**What is being asked:** Please return each of the entries exactly, minus their pictures.

**Provided data:**
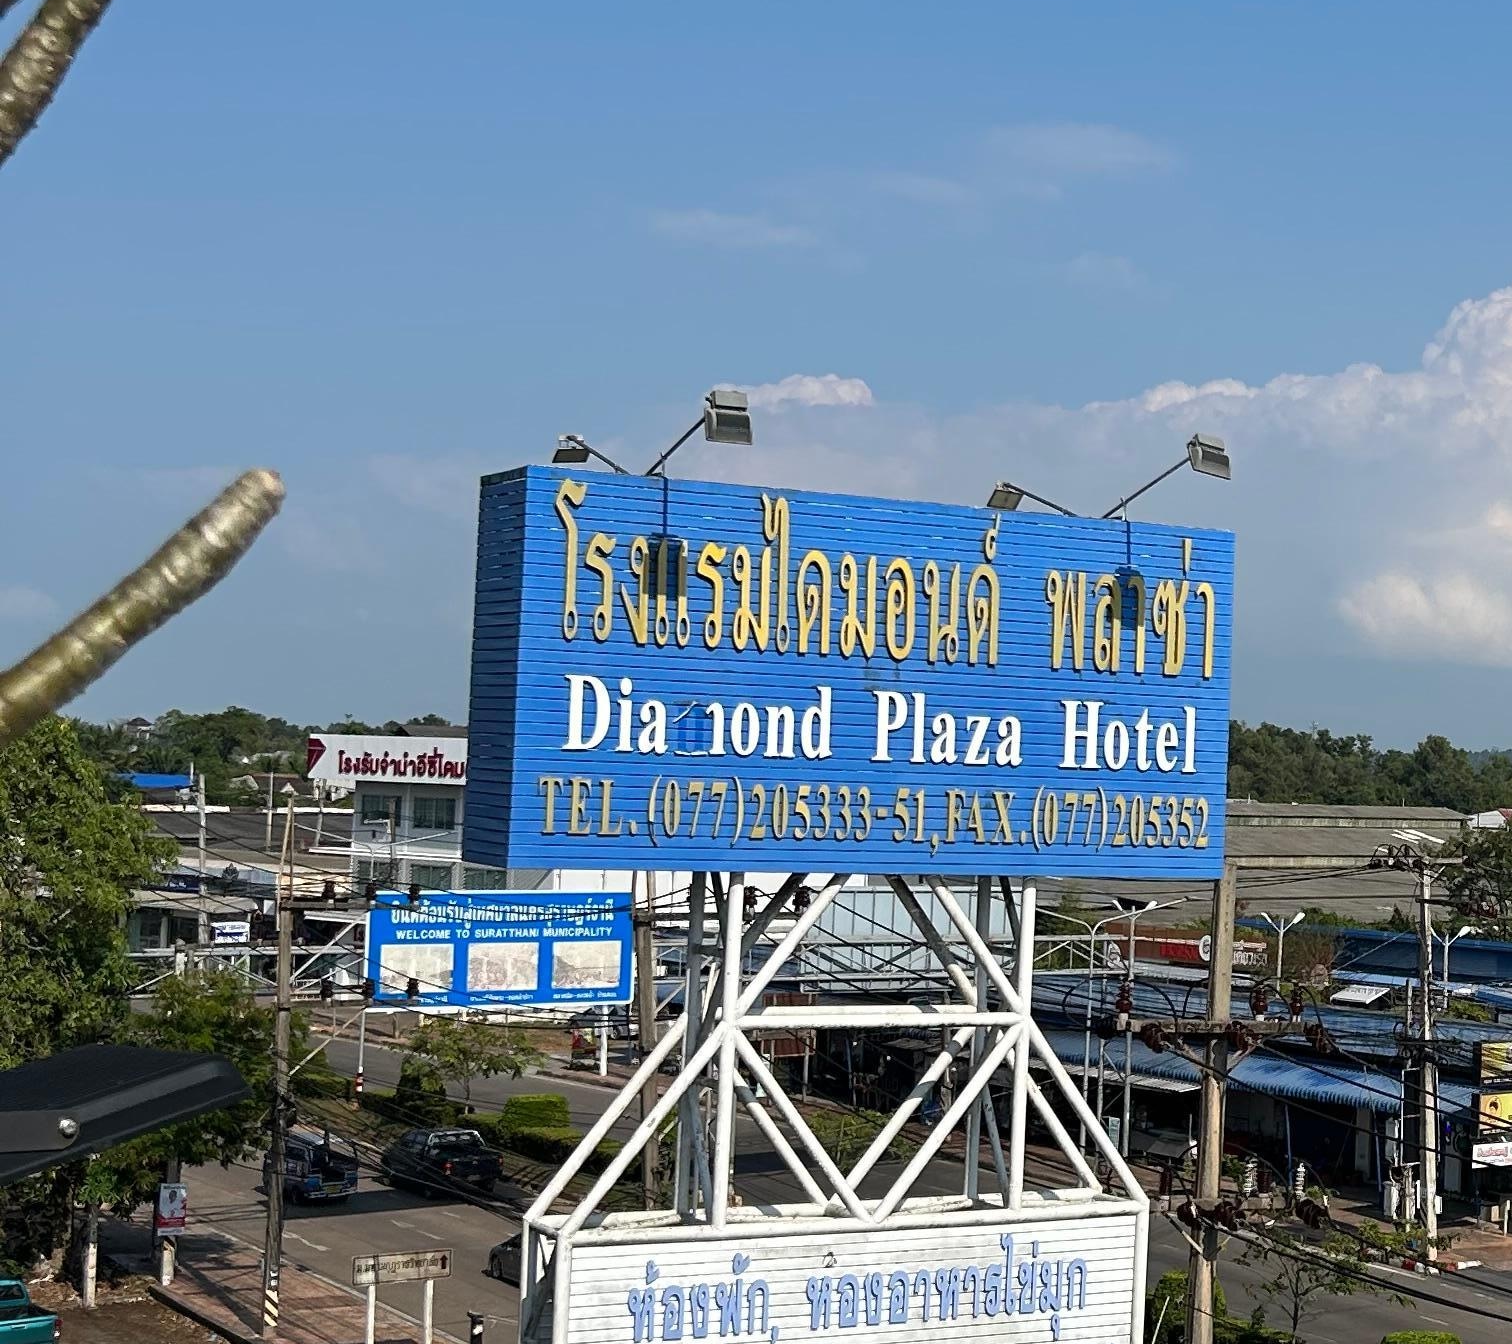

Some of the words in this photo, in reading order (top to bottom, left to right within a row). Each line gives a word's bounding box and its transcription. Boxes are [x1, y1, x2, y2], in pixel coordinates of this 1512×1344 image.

[554, 476, 1003, 668] โรงแรมไดมอนด์
[1045, 538, 1216, 681] พลาซ่า
[870, 690, 1023, 767] Plaza
[1058, 699, 1198, 773] Hotel
[396, 929, 451, 940] WELCOME
[456, 929, 471, 939] TO
[474, 927, 540, 938] SURATTHANI
[543, 926, 613, 937] MUNICIPALITY

**Answer:**
Some of the words in this photo, in reading order (top to bottom, left to right within a row). Each line gives a word's bounding box and its transcription. Boxes are [x1, y1, x2, y2], in pixel coordinates of this 1512×1344 image.

[554, 476, 1003, 668] โรงแรมไดมอนด์
[1045, 538, 1216, 681] พลาซ่า
[870, 690, 1023, 767] Plaza
[1058, 699, 1198, 773] Hotel
[396, 929, 451, 940] WELCOME
[456, 929, 471, 939] TO
[474, 927, 540, 938] SURATTHANI
[543, 926, 613, 937] MUNICIPALITY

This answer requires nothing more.